We use foreign currency exchange contracts to reduce the volatility of cash flows related to forecasted revenues, expenses, assets and liabilities, including intercompany balances denominated in foreign currencies. These contracts are generally one month to one year in duration, but with maturities up to 24 months. The objective of the foreign exchange contracts is to better ensure that ultimately the U.S. dollar-equivalent cash flows are not adversely affected by changes in the applicable U.S. dollar/foreign currency exchange rate. We evaluate the effectiveness of our foreign exchange contracts designated as cash flow or net investment hedges on a quarterly basis.
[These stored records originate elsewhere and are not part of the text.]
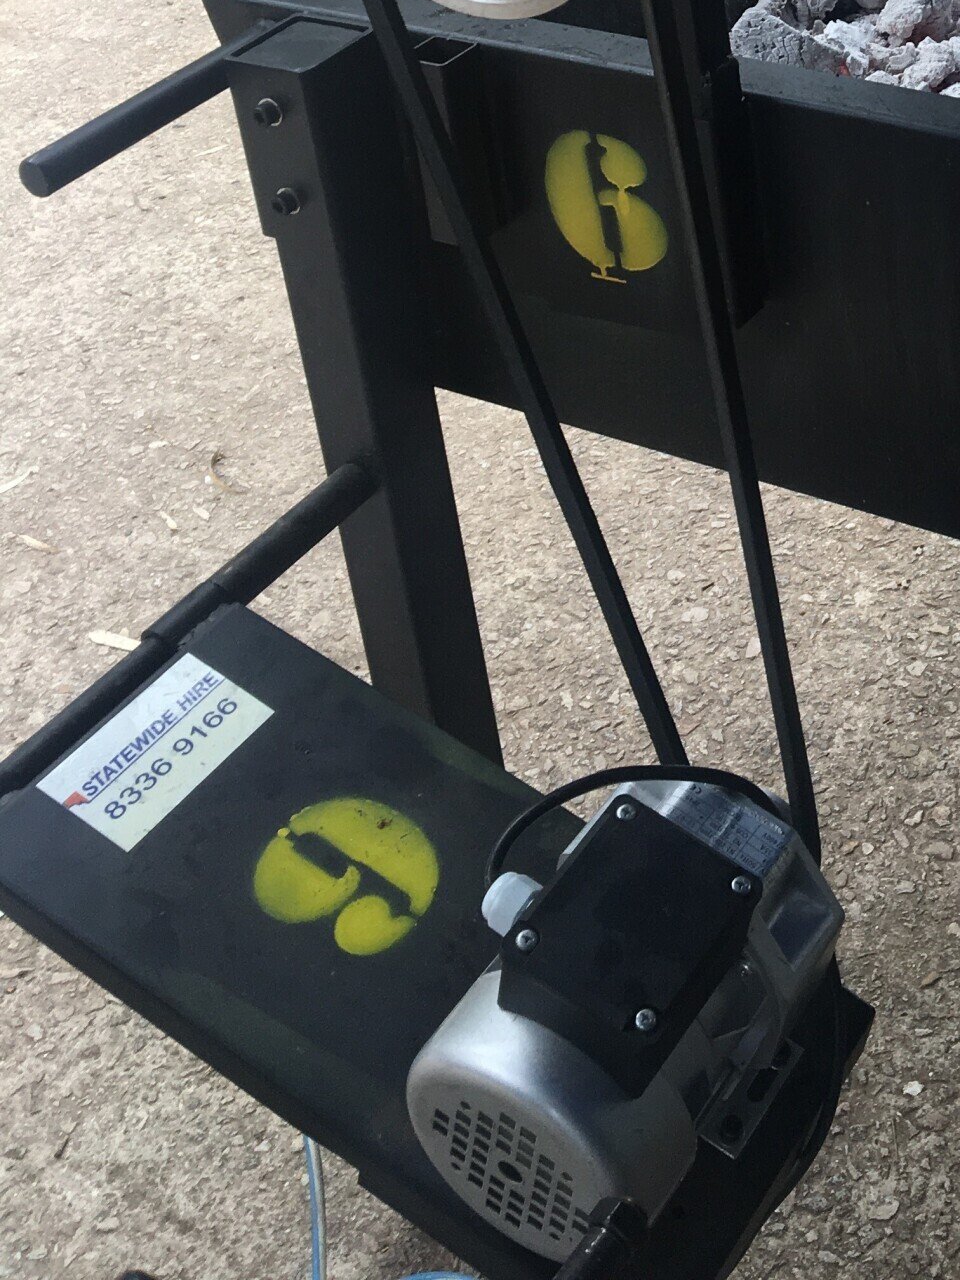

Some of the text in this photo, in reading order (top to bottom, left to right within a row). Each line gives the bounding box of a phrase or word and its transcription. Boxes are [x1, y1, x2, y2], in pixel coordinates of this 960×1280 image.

[81, 672, 220, 796] STATEWIDE HIRE
[104, 697, 238, 820] 8336 9166
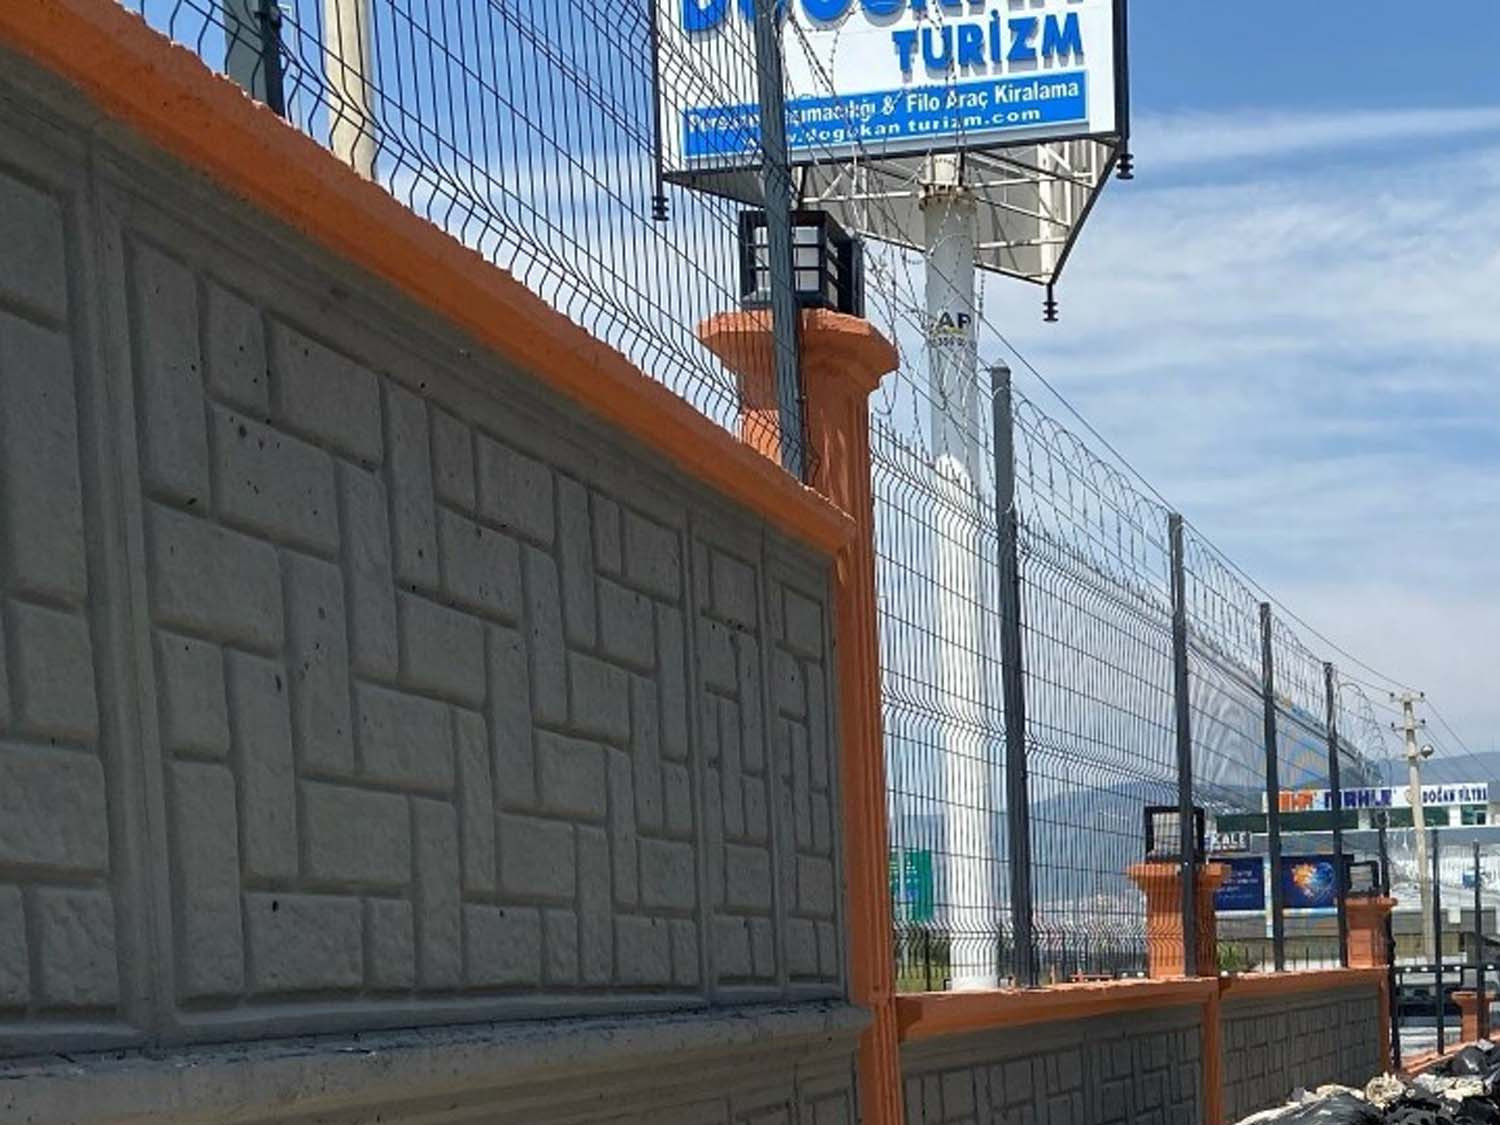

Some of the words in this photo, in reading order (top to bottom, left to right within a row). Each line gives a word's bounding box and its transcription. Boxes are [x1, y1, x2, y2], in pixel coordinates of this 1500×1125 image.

[891, 9, 1084, 77] TURİZM
[906, 90, 940, 113] Filo
[946, 89, 989, 110] Araç
[994, 79, 1079, 105] Kiralama
[907, 108, 1041, 133] turizm.com
During 2020, we began to hedge the variability of forecasted interest payments on anticipated debt issuance using forward-starting interest rate swaps. The total notional amount of these forward-starting interest rate swaps was $700 million as of December 31, 2020 with terms calling for us to receive interest at a variable rate and to pay interest at a fixed rate. These interest rate swaps effectively fix the benchmark interest rate and have the economic effect of hedging the variability of forecasted interest payments for up to 10 years on an anticipated debt issuance in 2022, and they will be terminated upon issuance of the debt. Similar to other cash flow hedges, we record changes in the fair value of these interest rate swaps in accumulated other comprehensive income (loss) until the anticipated debt issuance. Upon debt issuance and termination of the derivative instruments, their fair value will be amortized over the term of the new debt to interest expense. We evaluate the effectiveness of interest rate swaps designated as cash flow hedges on a quarterly basis.
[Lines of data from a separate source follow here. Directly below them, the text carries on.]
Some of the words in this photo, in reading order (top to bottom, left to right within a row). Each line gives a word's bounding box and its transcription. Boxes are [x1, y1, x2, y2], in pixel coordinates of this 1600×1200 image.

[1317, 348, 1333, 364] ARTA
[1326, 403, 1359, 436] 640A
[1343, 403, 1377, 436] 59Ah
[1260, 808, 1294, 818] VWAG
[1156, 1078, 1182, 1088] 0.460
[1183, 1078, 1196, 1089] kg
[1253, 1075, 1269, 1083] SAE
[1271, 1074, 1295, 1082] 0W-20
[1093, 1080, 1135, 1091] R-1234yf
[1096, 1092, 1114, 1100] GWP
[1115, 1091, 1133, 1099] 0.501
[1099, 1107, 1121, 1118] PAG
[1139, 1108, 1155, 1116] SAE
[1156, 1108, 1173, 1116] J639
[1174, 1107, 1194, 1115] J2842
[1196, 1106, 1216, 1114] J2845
During 2020, we began to hedge the variability of the cash flows in interest payments associated with our floating-rate debt using interest rate swaps. These interest rate swap agreements effectively convert our floating-rate debt that is based on London Interbank Offered Rate (“LIBOR”) to a fixed-rate basis, reducing the impact of interest-rate changes on future interest expense. The total notional amount of these interest swaps was $400 million as of December 31, 2020 with terms calling for us to receive interest at a variable rate and to pay interest at a fixed rate. Our interest rate swap contracts have maturity dates in 2023. Similar to other cash flow hedges, we record changes in the fair value of these interest rate swaps in accumulated other comprehensive income (loss) and their fair value will be amortized over the term of the debt to interest expense.
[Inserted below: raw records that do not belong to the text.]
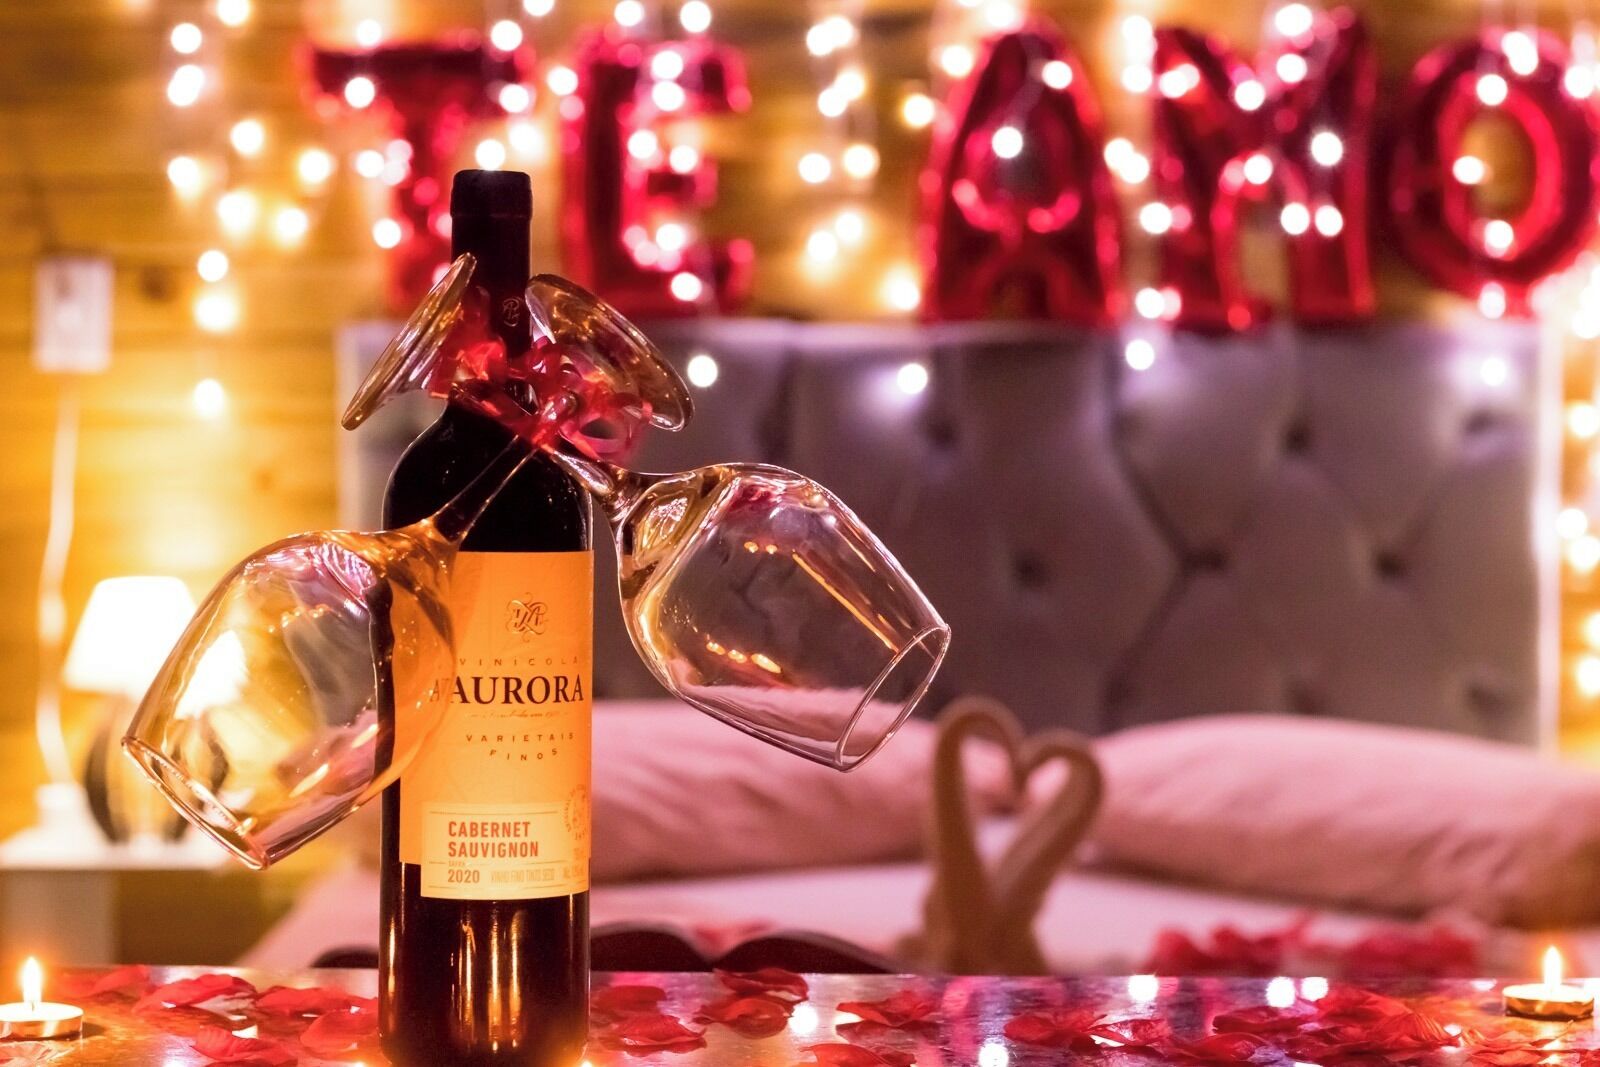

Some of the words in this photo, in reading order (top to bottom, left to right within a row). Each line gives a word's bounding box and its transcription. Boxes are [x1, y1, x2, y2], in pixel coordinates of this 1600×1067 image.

[298, 25, 756, 320] TE
[916, 6, 1599, 332] AMO
[453, 673, 585, 705] AURORA
[466, 733, 574, 742] VARIETAIS
[489, 749, 558, 761] FINOS
[448, 821, 531, 838] CABERNET
[448, 841, 539, 858] SAUVIGNON
[447, 869, 480, 883] 2020
We used interest rate swaps to manage interest rate risk on our fixed rate notes issued in July 2014 and maturing in 2019, 2021 and 2024. These interest rate swaps had the economic effect of modifying the fixed interest obligations associated with $2.4 billion of these notes so that the interest payable on these senior notes effectively became variable based on LIBOR plus a spread. These interest rate swaps were terminated in 2019.
Cash Flow Hedges

For derivative instruments that are designated as cash flow hedges, the derivative’s gain or loss is initially reported as a component of accumulated other comprehensive income (“AOCI”) and subsequently reclassified into earnings in the same period the forecasted hedged transaction affects earnings. Derivative instruments designated as cash flow hedges must be de-designated as hedges when it is probable the forecasted hedged transaction will not occur in the initially identified time period or within a subsequent two-month time period. Unrealized gains and losses in AOCI associated with such derivative instruments are immediately reclassified into earnings. As of December 31, 2020, we have estimated that approximately $73 million of net derivative loss related to our foreign exchange cash flow hedges and $1 million of net derivative loss related to our interest rate cash flow hedges included in accumulated other comprehensive income will be reclassified into earnings within the next 12 months. We classify cash flows related to our cash flow hedges as operating activities in our consolidated statement of cash flows.

Net Investment Hedges

For derivative instruments that are designated as net investment hedges, the derivative’s gain or loss is initially reported in the translation adjustments component of AOCI and is reclassified to net earnings in the period in which the hedged subsidiary is either sold or substantially liquidated.

Fair Value Hedges

We designated the interest rate swaps used to manage interest rate risk on our fixed rate notes issued in July 2014 and maturing in 2019, 2021 and 2024 as qualifying hedging instruments and accounted for them as fair value hedges. These transactions were designated as fair value hedges for financial accounting purposes because they protected us against changes in the fair value of certain of our fixed rate borrowings due to benchmark interest rate movements. In 2019, $1.15 billion related to our 2.200% senior notes due 2019 of the $2.4 billion aggregate notional amount matured. In addition, during 2019, we terminated the interest rate swaps related to $750 million of our 2.875% senior notes due July 2021 and $500 million of our 3.450% senior notes due July 2024. As a result of the early termination, hedge accounting was discontinued prospectively and the gain on termination was recorded as an increase to the long-term debt balance and is being recognized over the remaining life of the underlying debt as a reduction to interest expense. The gain recognized was immaterial for the years ended December 31, 2020 and December 31, 2019.

Non-Designated Hedges

Our derivatives not designated as hedging instruments consist of foreign currency forward contracts that we primarily use to hedge monetary assets or liabilities, including intercompany balances denominated in non-functional currencies. The gains and losses on our derivatives not designated as hedging instruments are recorded in interest and other, net, which are offset by the foreign currency gains and losses on the related assets and liabilities that are also recorded in interest and other, net. We classify cash flows related to our non-designated hedging instruments as operating activities in our consolidated statement of cash flows.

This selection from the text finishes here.